START Available data

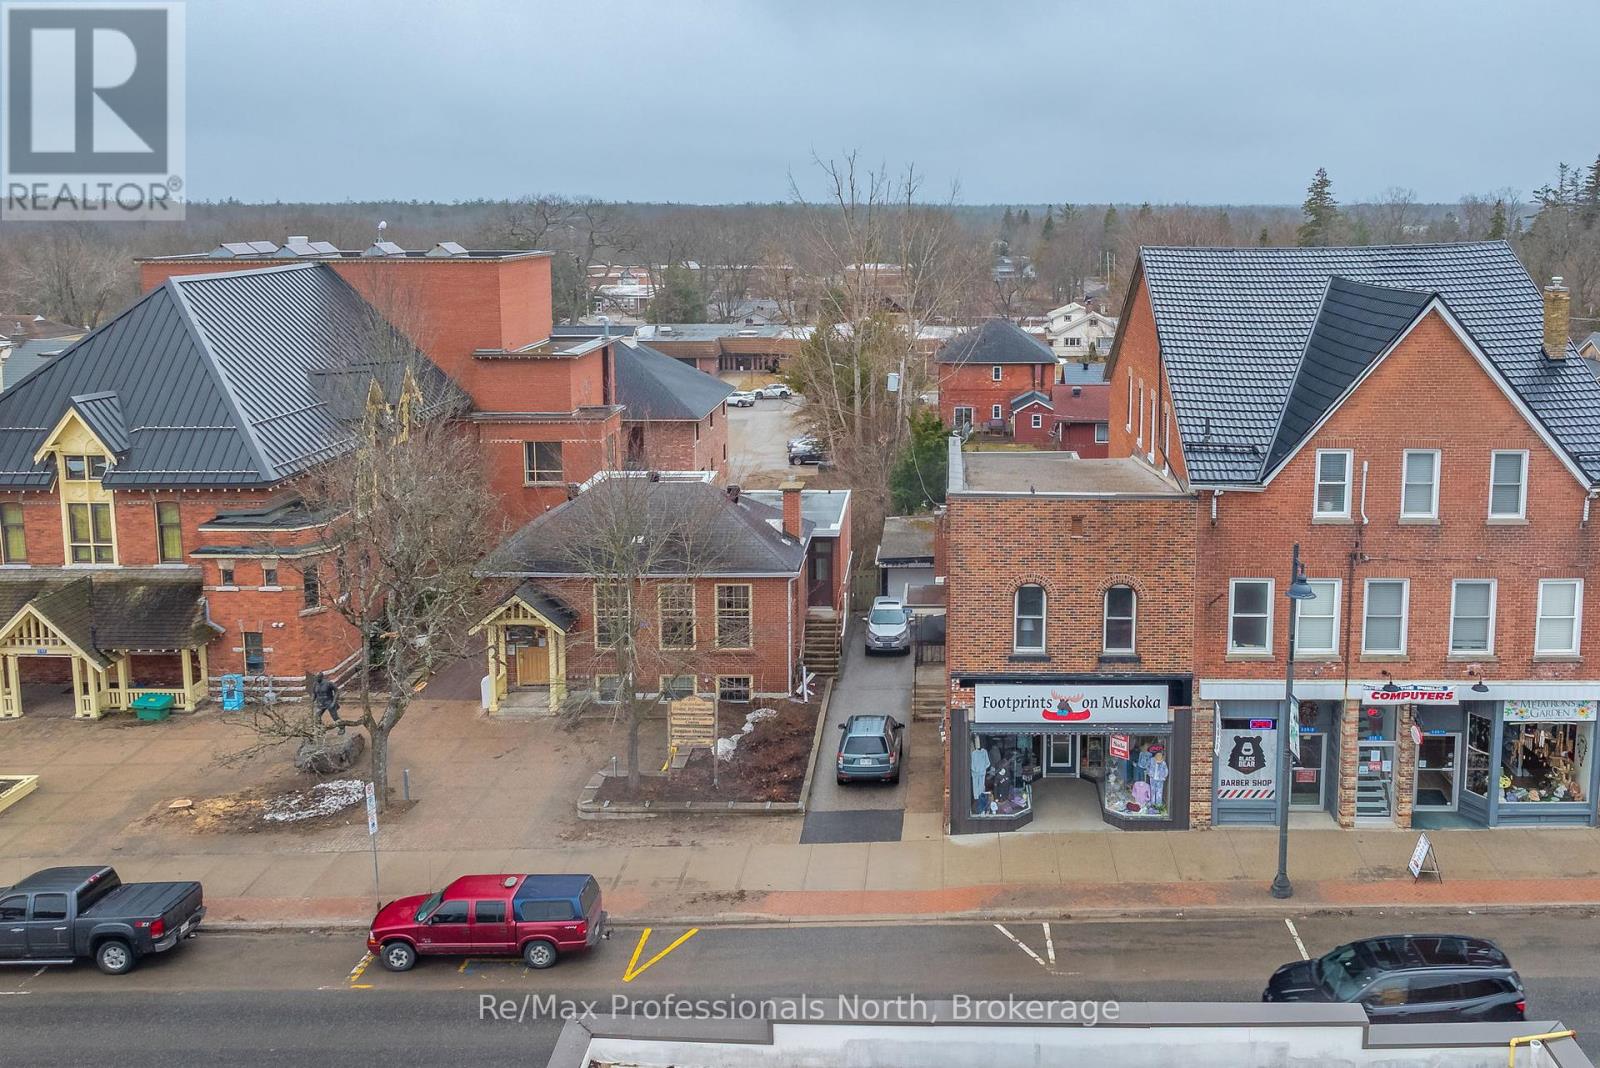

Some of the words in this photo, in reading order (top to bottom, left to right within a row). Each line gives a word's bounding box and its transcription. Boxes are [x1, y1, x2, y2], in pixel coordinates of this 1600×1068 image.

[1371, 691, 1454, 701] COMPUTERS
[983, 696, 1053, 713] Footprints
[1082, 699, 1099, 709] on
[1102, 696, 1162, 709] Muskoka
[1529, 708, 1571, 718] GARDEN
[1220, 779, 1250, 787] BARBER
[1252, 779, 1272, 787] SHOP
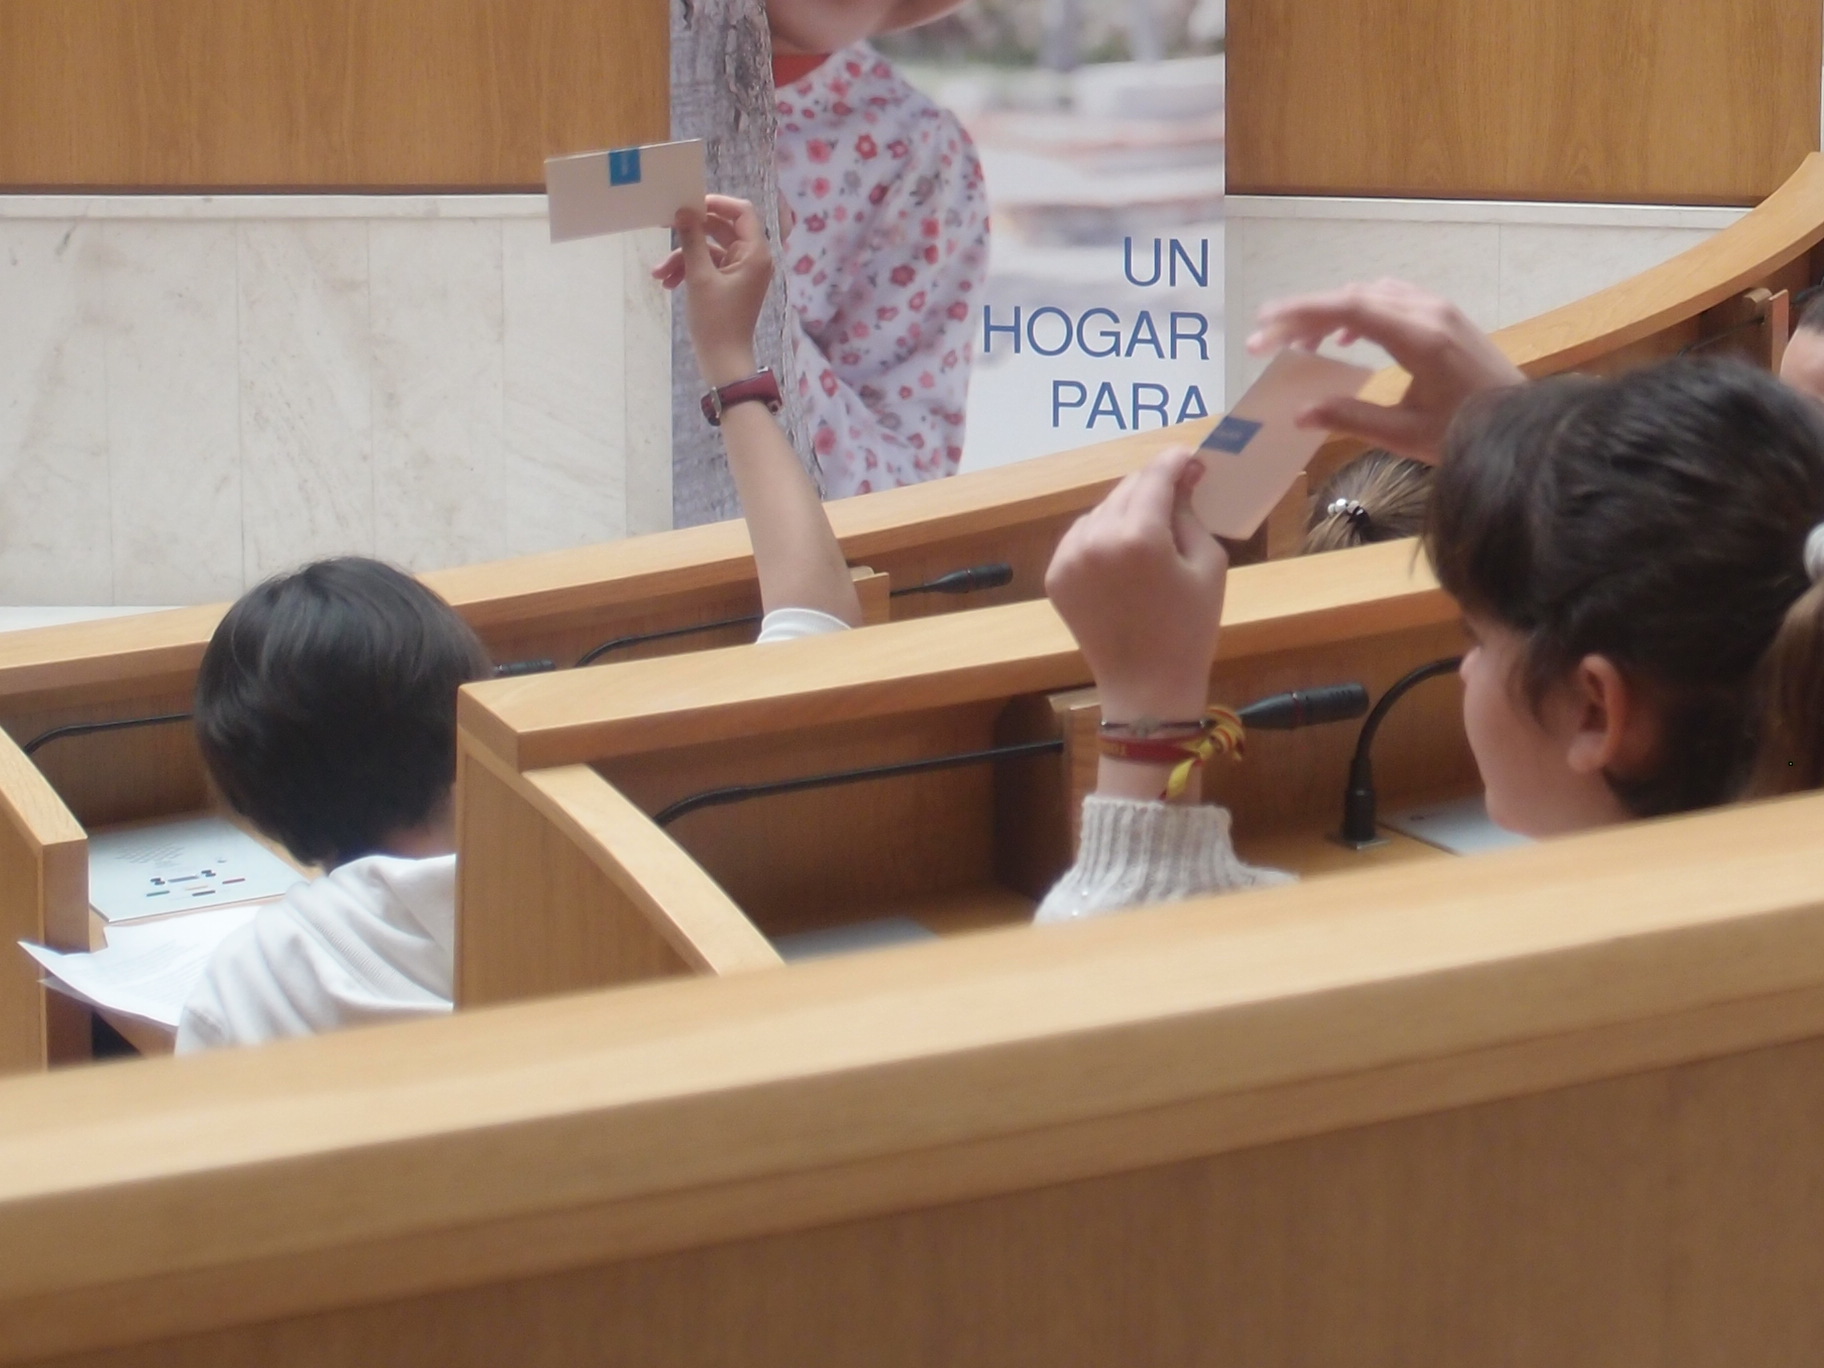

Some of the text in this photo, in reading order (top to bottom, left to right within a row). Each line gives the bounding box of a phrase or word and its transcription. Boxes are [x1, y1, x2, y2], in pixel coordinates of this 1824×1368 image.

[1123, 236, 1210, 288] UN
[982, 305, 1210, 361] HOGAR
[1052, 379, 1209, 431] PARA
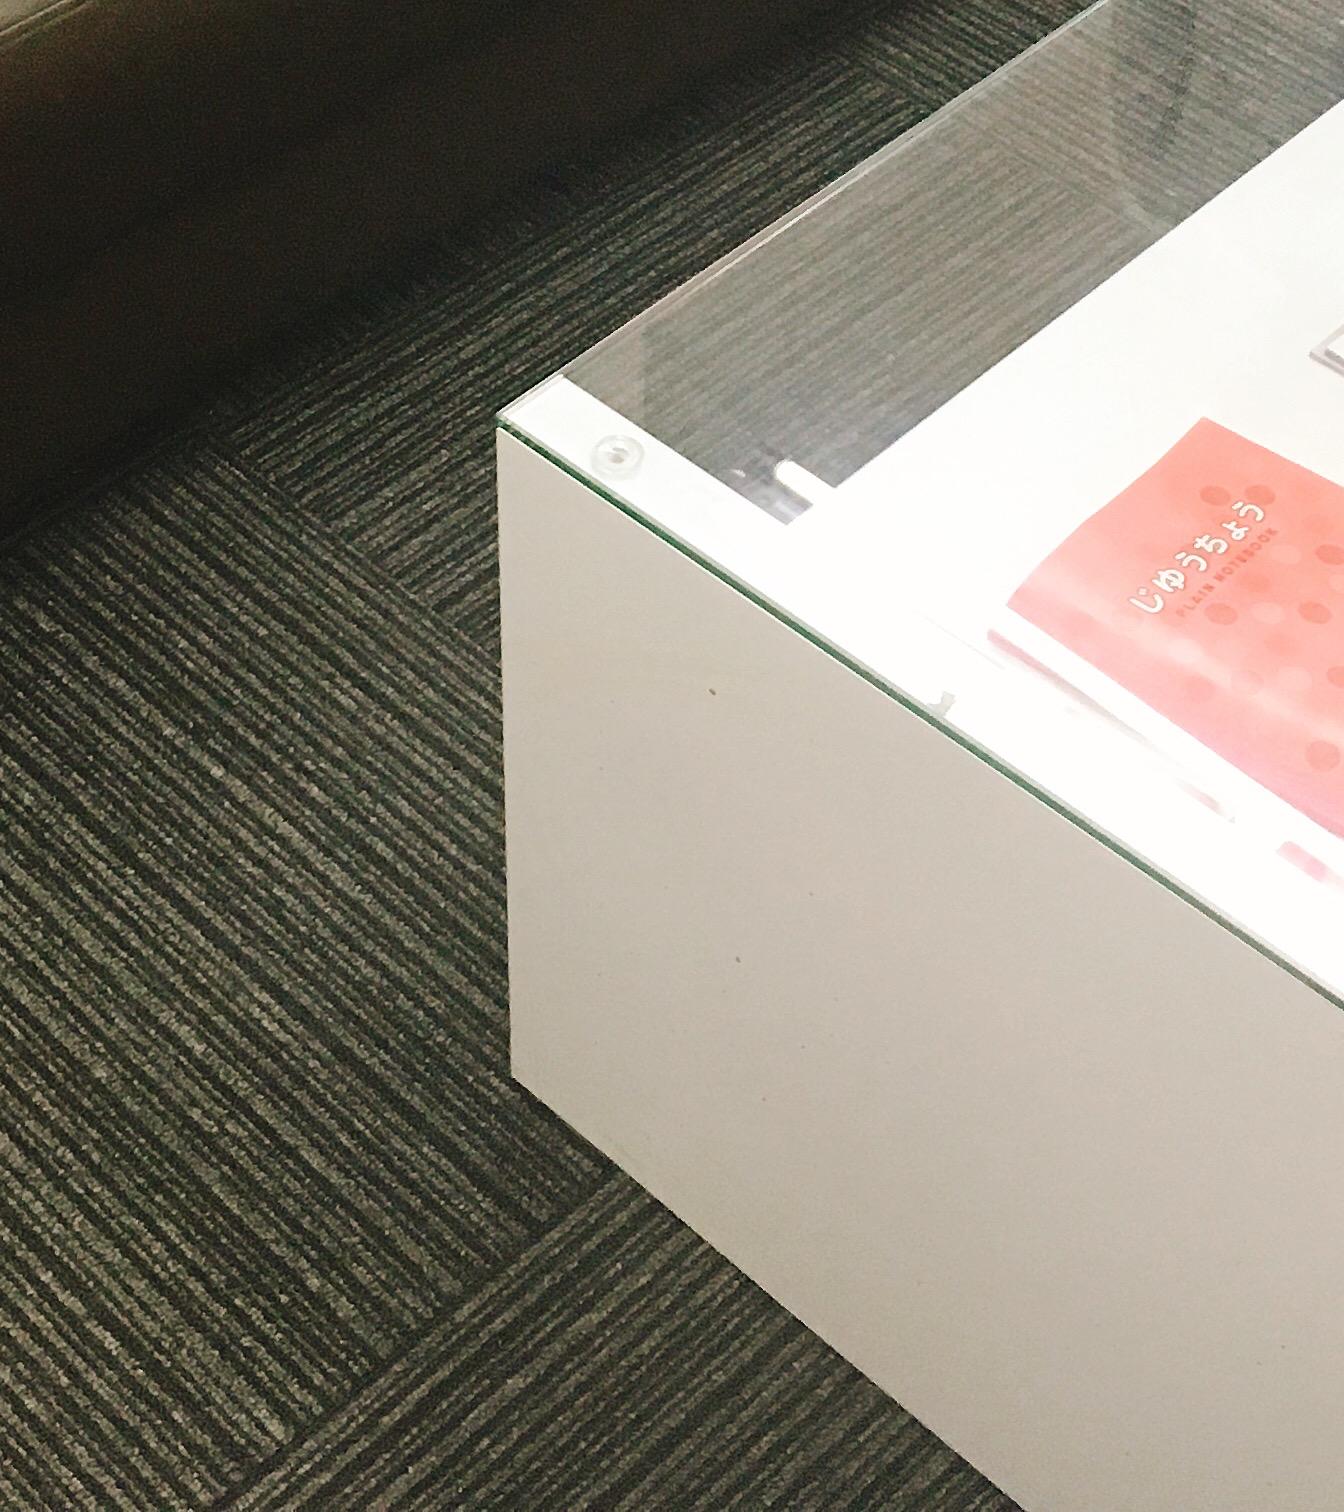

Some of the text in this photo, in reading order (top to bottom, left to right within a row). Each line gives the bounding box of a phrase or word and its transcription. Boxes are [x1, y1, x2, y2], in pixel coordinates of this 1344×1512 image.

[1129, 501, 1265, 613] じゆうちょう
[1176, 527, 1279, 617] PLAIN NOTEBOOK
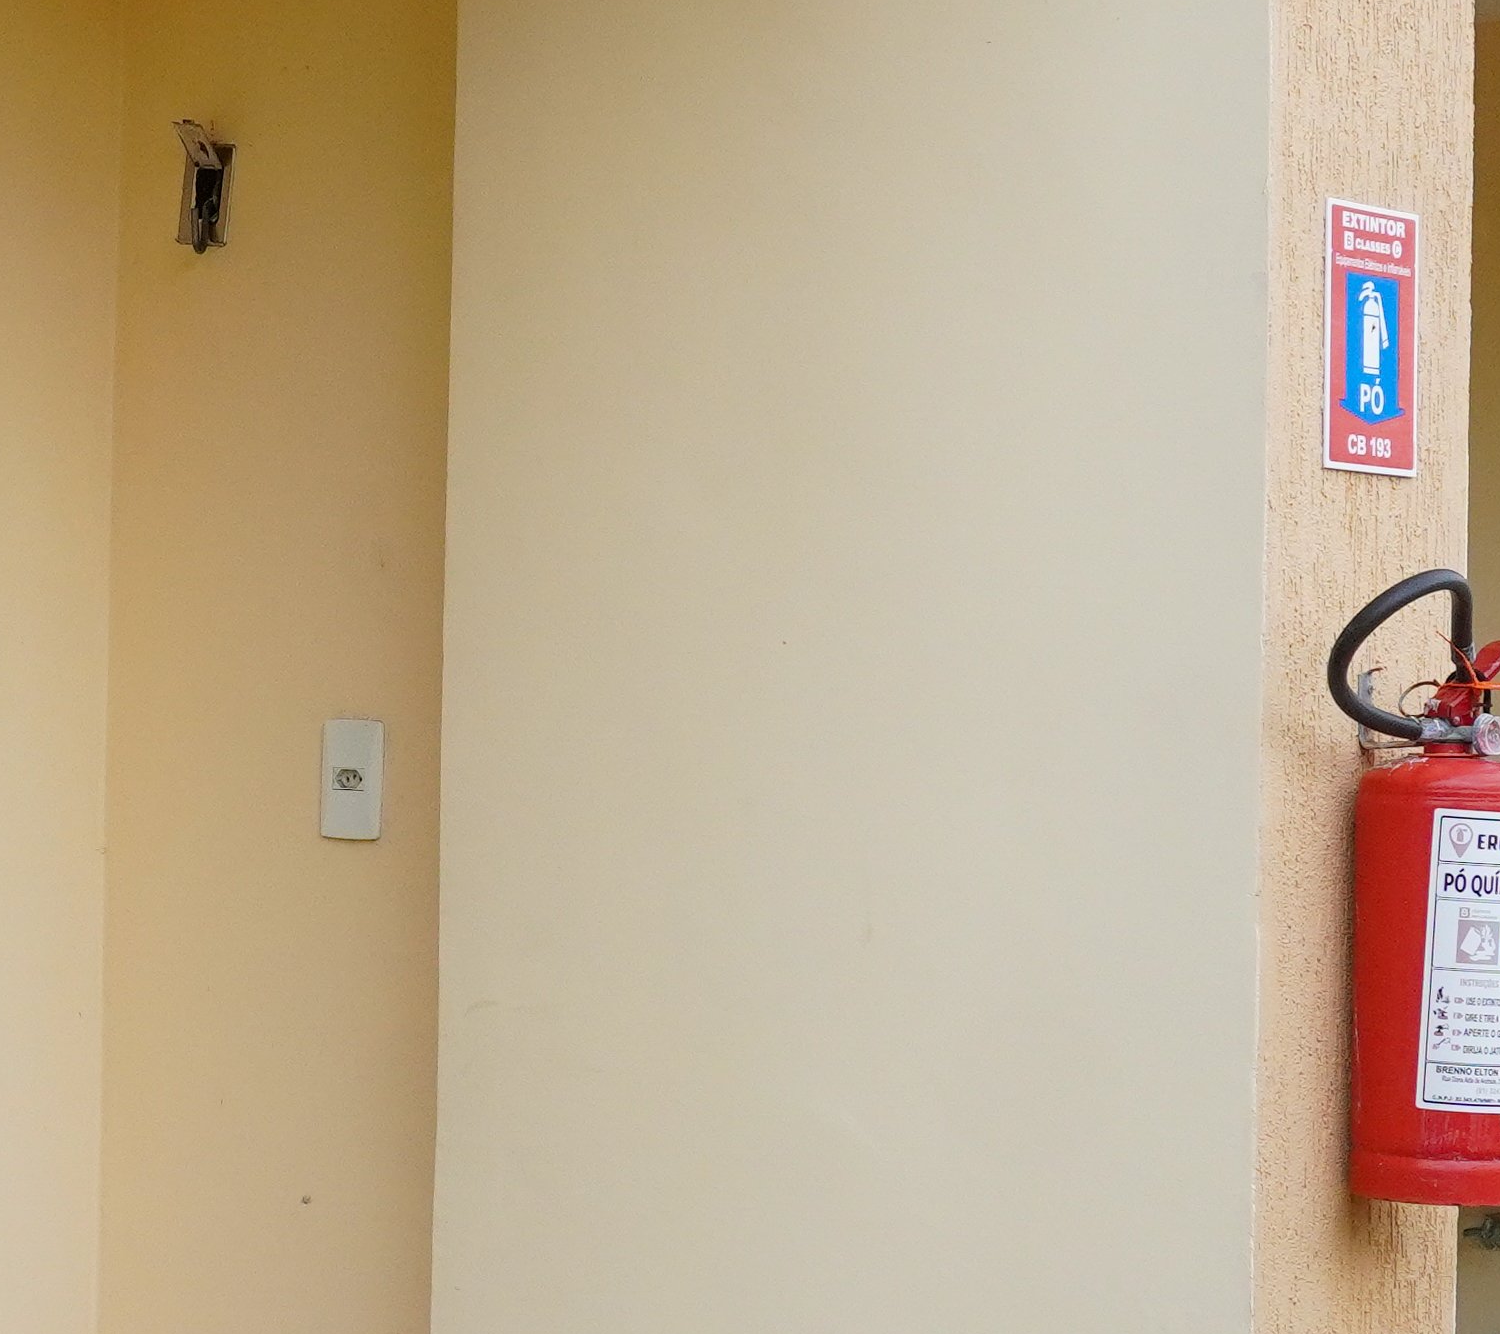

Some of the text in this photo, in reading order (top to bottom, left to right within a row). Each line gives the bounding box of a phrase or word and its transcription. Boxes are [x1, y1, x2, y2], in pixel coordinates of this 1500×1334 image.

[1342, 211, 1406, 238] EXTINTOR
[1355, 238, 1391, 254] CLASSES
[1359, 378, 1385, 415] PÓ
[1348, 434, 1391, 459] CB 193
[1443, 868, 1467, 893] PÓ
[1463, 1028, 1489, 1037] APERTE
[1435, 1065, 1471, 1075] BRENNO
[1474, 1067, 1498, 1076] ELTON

END Available data

A verbatim copy of the data, pictures removed, is the expected result.

Some of the words in this photo, in reading order (top to bottom, left to right within a row). Each line gives a word's bounding box and its transcription. Boxes are [x1, y1, x2, y2], in pixel coordinates of this 1600×1068 image.

[1371, 691, 1454, 701] COMPUTERS
[983, 696, 1053, 713] Footprints
[1082, 699, 1099, 709] on
[1102, 696, 1162, 709] Muskoka
[1529, 708, 1571, 718] GARDEN
[1220, 779, 1250, 787] BARBER
[1252, 779, 1272, 787] SHOP

Some of the text in this photo, in reading order (top to bottom, left to right within a row). Each line gives the bounding box of a phrase or word and its transcription. Boxes are [x1, y1, x2, y2], in pixel coordinates of this 1824×1368 image.

[1123, 236, 1210, 288] UN
[982, 305, 1210, 361] HOGAR
[1052, 379, 1209, 431] PARA

Some of the text in this photo, in reading order (top to bottom, left to right within a row). Each line gives the bounding box of a phrase or word and its transcription. Boxes are [x1, y1, x2, y2], in pixel coordinates of this 1344×1512 image.

[1129, 501, 1265, 613] じゆうちょう
[1176, 527, 1279, 617] PLAIN NOTEBOOK

Some of the text in this photo, in reading order (top to bottom, left to right within a row). Each line gives the bounding box of a phrase or word and its transcription. Boxes are [x1, y1, x2, y2], in pixel coordinates of this 1500×1334 image.

[1342, 211, 1406, 238] EXTINTOR
[1355, 238, 1391, 254] CLASSES
[1359, 378, 1385, 415] PÓ
[1348, 434, 1391, 459] CB 193
[1443, 868, 1467, 893] PÓ
[1463, 1028, 1489, 1037] APERTE
[1435, 1065, 1471, 1075] BRENNO
[1474, 1067, 1498, 1076] ELTON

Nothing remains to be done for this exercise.